How are you saving the world? Please, let us know!
Whether it is solving the problem of death or teaching rationality, one of the correlated phenomena of being less wrong is making things better. Given the value many of us place on altruism, this extends beyond just ourselves and into that question of, “How can I make The Rest better?” The rest of my community. The rest of my country. The rest of my species. The rest of my world. To word it in a less other-optimizing way: How can I save the world?
So, tell us how you are saving the world. Not how you want to save the world. Not how you plan to. How you are, actively, saving the world. It doesn’t have to be “I invented a friendly AI,” or “I reformed a nation’s gender politics” or “I perfected a cryonics reviving process.” It can be a simple goal (“I taught a child how to recognize when they use ad hominen” or "I stopped using as much water to shower") or a simple action as part of a larger plan (such as “I helped with a breakthrough on reducing gas emissions in cars by five percent”).
If we accept this challenge of saving the world, then let us be open and honest with our progress. Let us put our successes on display and our shortcomings as well, so that both can be recognized, recommended, and, if need be, repaired.
If you are not doing anything to save the world, even something as simple as “learning about global risks” or “encouraging others to research a topic before deciding on it”? Then find something. Find a goal and work for it. Find an act that needs doing and do it.
Then tell us about it.
Despite his usual rudeness ("Because he's Salemicus"? Really?), the link gwern provides goes some way to explaining my views on the subject. On many margins we recycle too much. Unfortunately, where I live this is made worse by the government, because the local council charges you more for rubbish collection if you don't recycle as much as they deem proper.
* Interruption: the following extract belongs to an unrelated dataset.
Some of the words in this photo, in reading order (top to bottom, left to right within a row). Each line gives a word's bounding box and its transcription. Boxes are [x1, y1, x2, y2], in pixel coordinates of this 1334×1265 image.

However, because I care about the environment and future generations, I am willing to incur that cost in order to help society on the margin.
Note incidentally that this is typical of government intervention; in the textbooks they adjust prices to correct market failures based on some miraculous, a priori knowledge of the"true social costs." In reality, they intervene in purely private transactions and break functioning markets based not on any considered measurement of alleged externalities, but just the free-standing moralising of self important do-gooders, no doubt aided by cynical rent-seekers.
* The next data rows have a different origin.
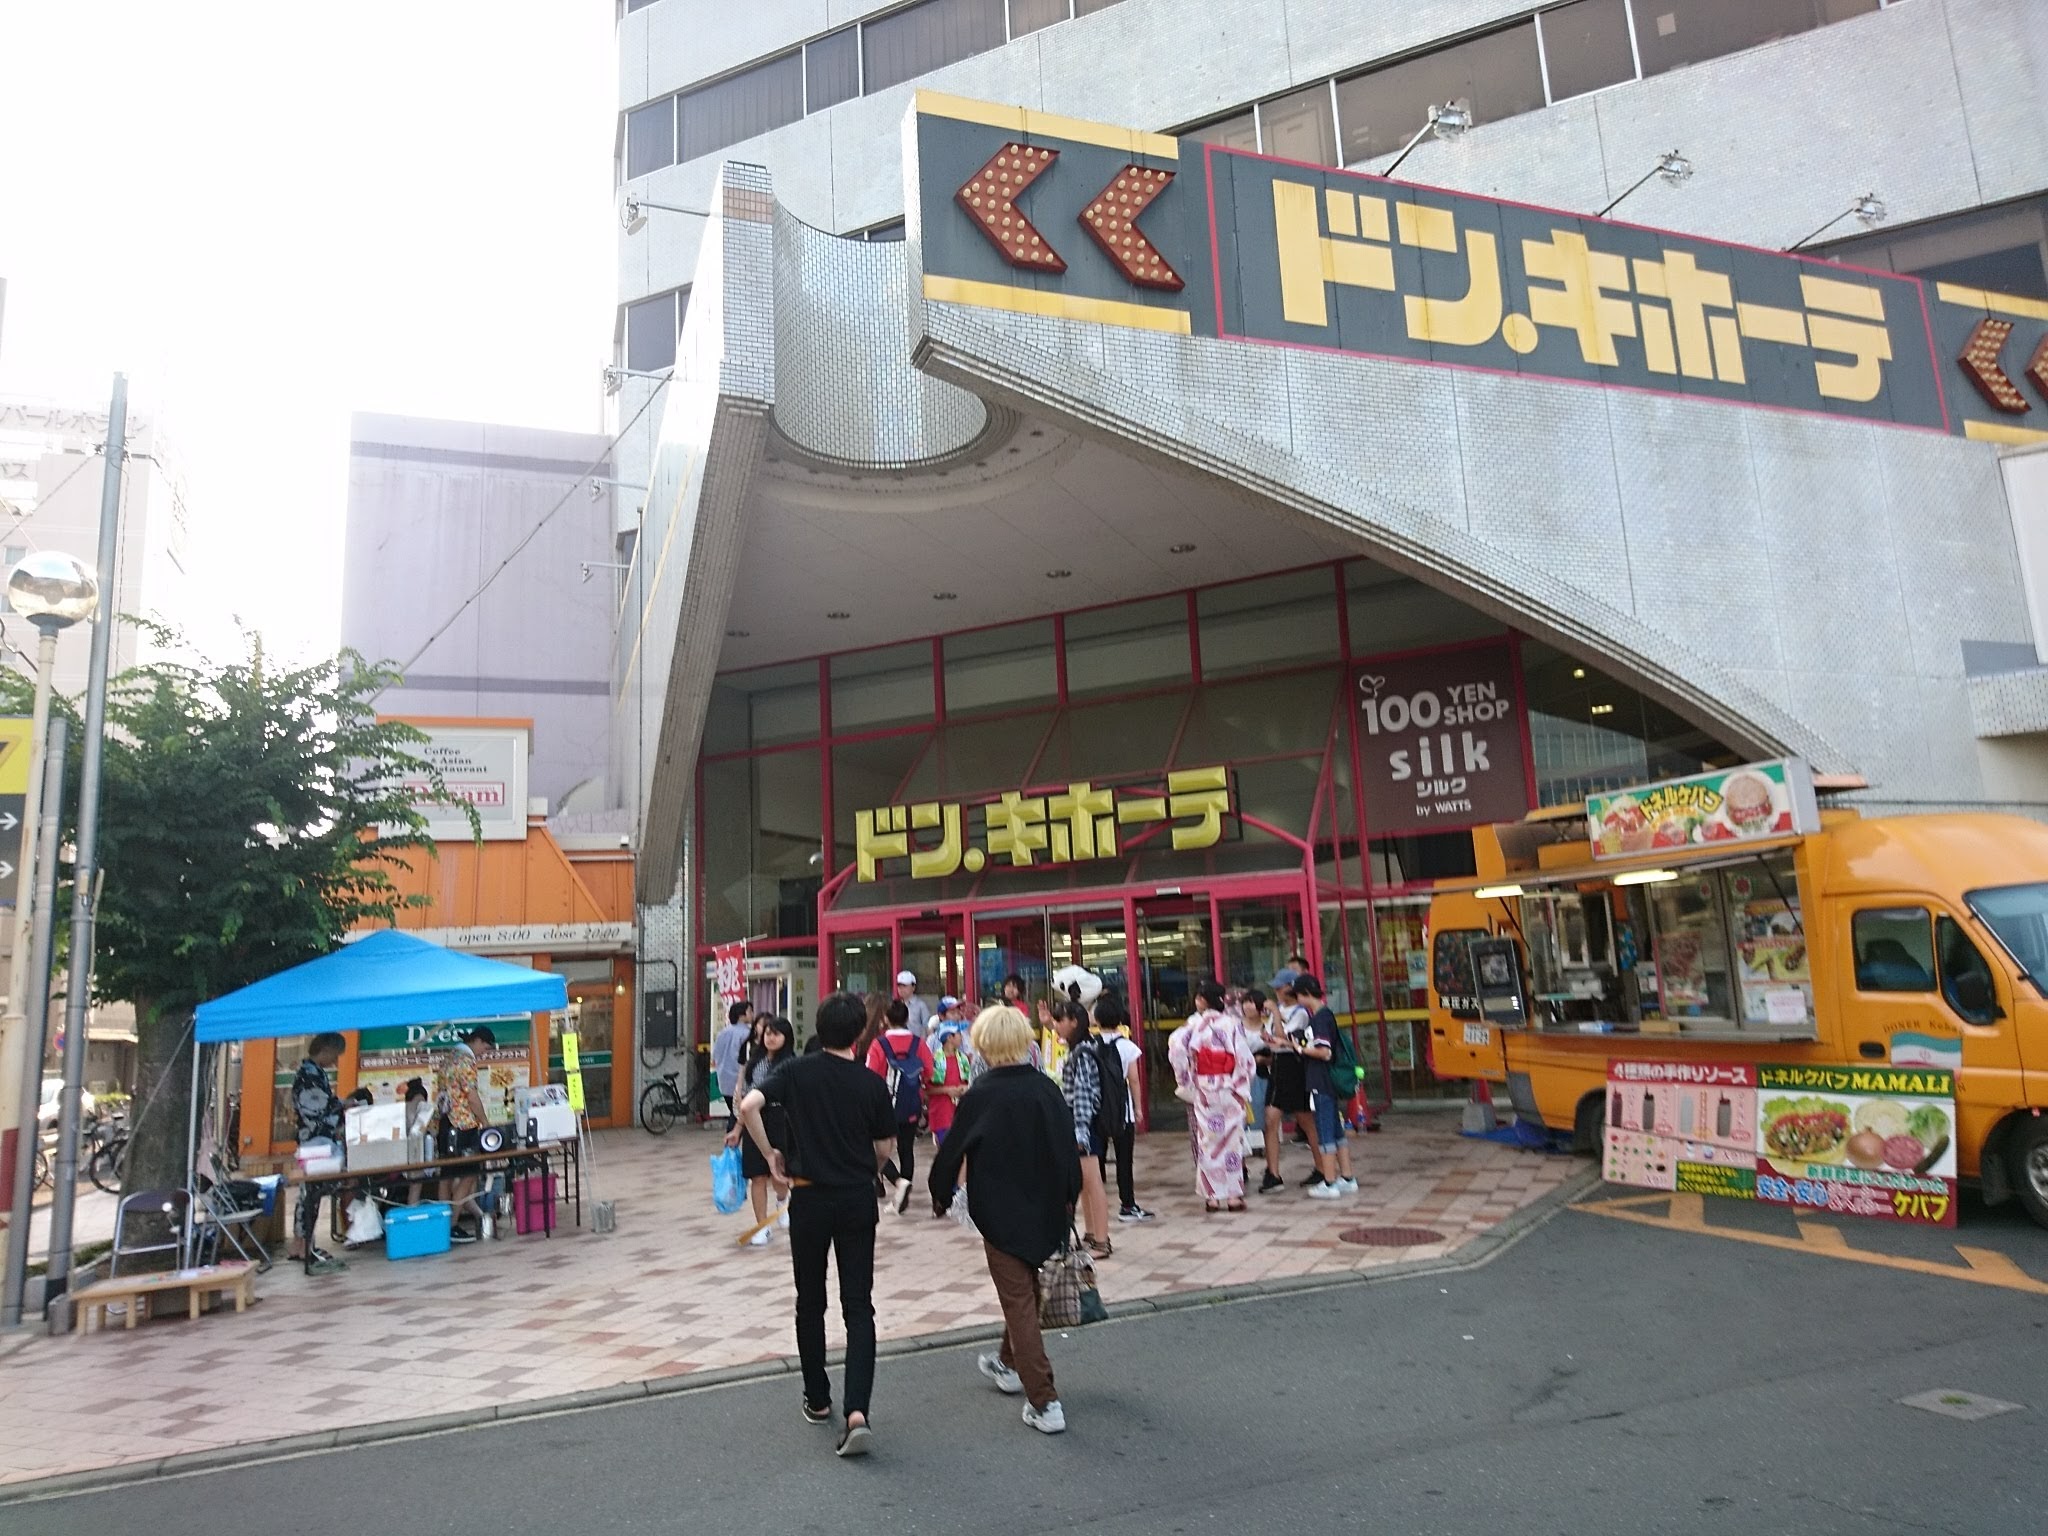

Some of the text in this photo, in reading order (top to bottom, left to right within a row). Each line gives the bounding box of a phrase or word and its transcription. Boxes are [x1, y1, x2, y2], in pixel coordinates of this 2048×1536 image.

[1447, 681, 1496, 705] YEN
[1361, 690, 1441, 735] 100
[1443, 699, 1510, 726] SHOP
[424, 747, 461, 755] Coffee
[440, 757, 472, 765] Asian
[1389, 731, 1490, 781] silk
[1416, 776, 1467, 799] シルク
[1415, 799, 1472, 818] by WATTS
[458, 932, 491, 945] open
[497, 930, 531, 940] 8:00
[542, 928, 577, 939] close
[1850, 1071, 1951, 1094] MAMALI
Which brings me back nicely that saying you want to save the world sets off my alarm bells.
By what mechanism do you expect recycling less to help society on the margin?
(Are you thinking of instances where in order to recycle more you would have to do things that harm the environment more than sending the stuff to landfill would have, or that cost more than recycling would have saved -- e.g., where you'd have to wash stuff thoroughly before recycling it? Or is this about message-sending, and if so how does the causal chain go?)